1. An identity authentication method based on an end information spreading sequence and a random forest model is characterized by comprising the following steps:

(1) inputting a gene function F (x) by a client;

(2) generating end information Ipid and SrcPort with good autocorrelation by an end information spreading sequence generating algorithm based on F (x);

(3) loading the end information Ipid and SrcPort generated in the step (2) into a socket data packet so as to obtain an end information extension sequence { ExtendedSeq 1, ExtendedSeq 2, … … and ExtendedSeqN }, and sending the end information extension sequence to a network environment by using a socket;

(7) and (6) analyzing the classification result to obtain a legal client requesting identity authentication and providing personalized service.

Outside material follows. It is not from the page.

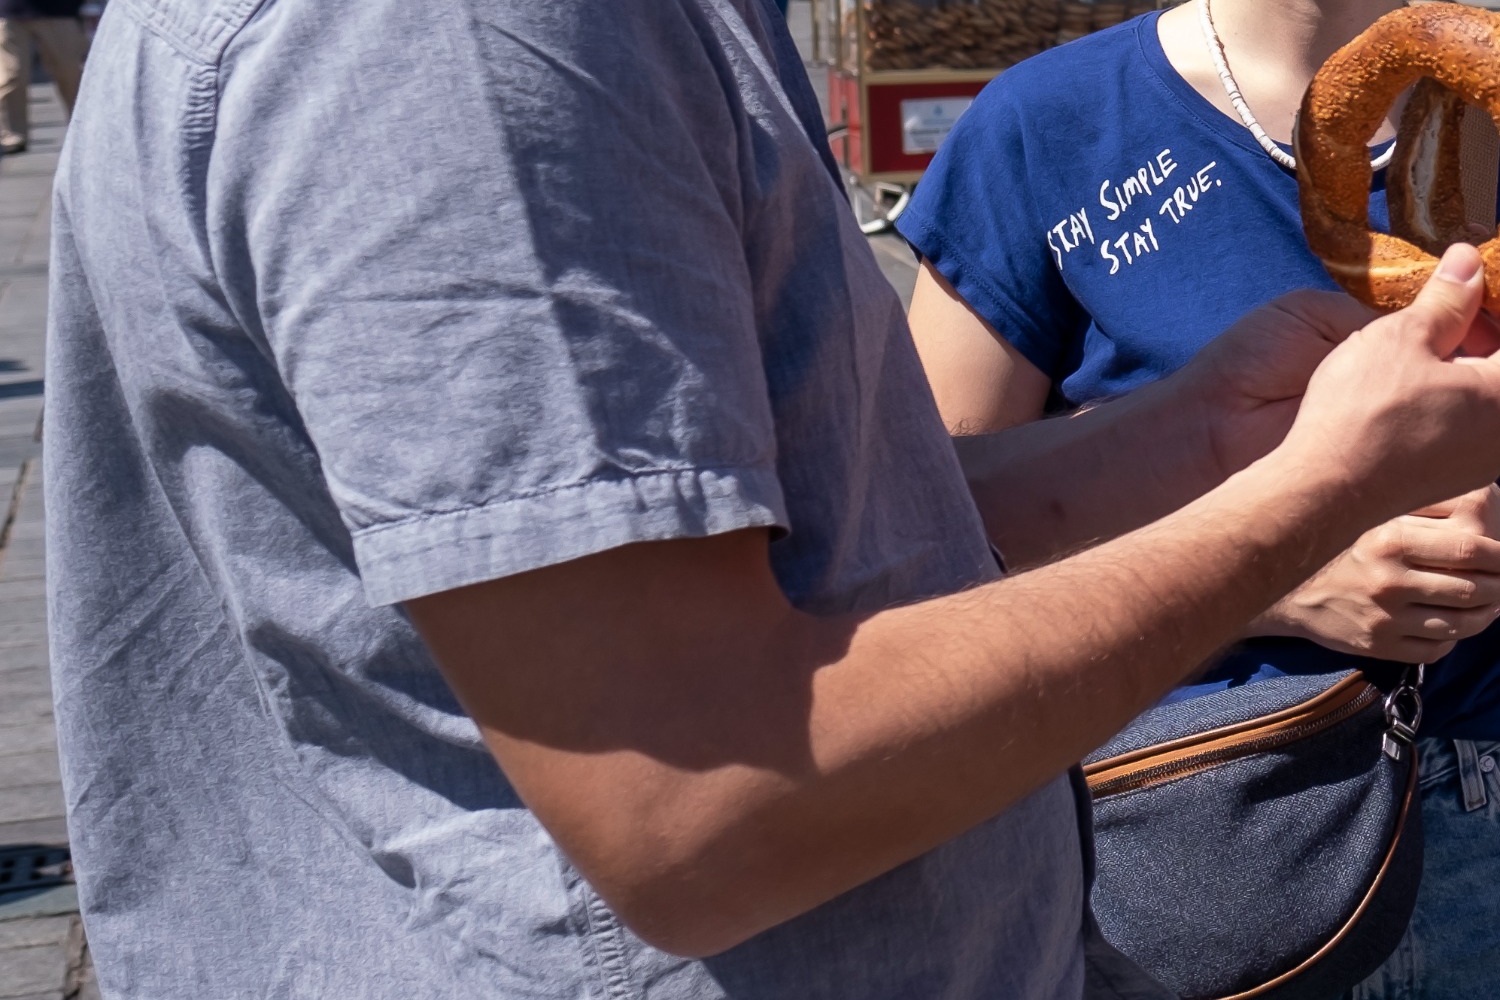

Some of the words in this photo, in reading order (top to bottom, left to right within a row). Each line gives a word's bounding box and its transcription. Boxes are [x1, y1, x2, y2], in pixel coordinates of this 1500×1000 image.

2. The identity authentication method based on the terminal information extension sequence and the random forest model as claimed in claim 1, wherein the method comprises inputting a genetic function F (x) at a client, wherein F (x) is required to have good autocorrelation, so that good autocorrelation is ensured to be kept between terminal information extension sequences generated by legal users.

3. The identity authentication method based on the terminal information extension sequence and the random forest Model as claimed in claim 1, wherein the method comprises training and learning a data set composed of the terminal information extension sequences generated by the legal clients by using the random forest Model at the server side, generating a data set with labels by the server side according to gene functions held by the legal clients, and inputting the data set into the random forest Model for supervised learning, thereby obtaining the random forest Model RF-Model.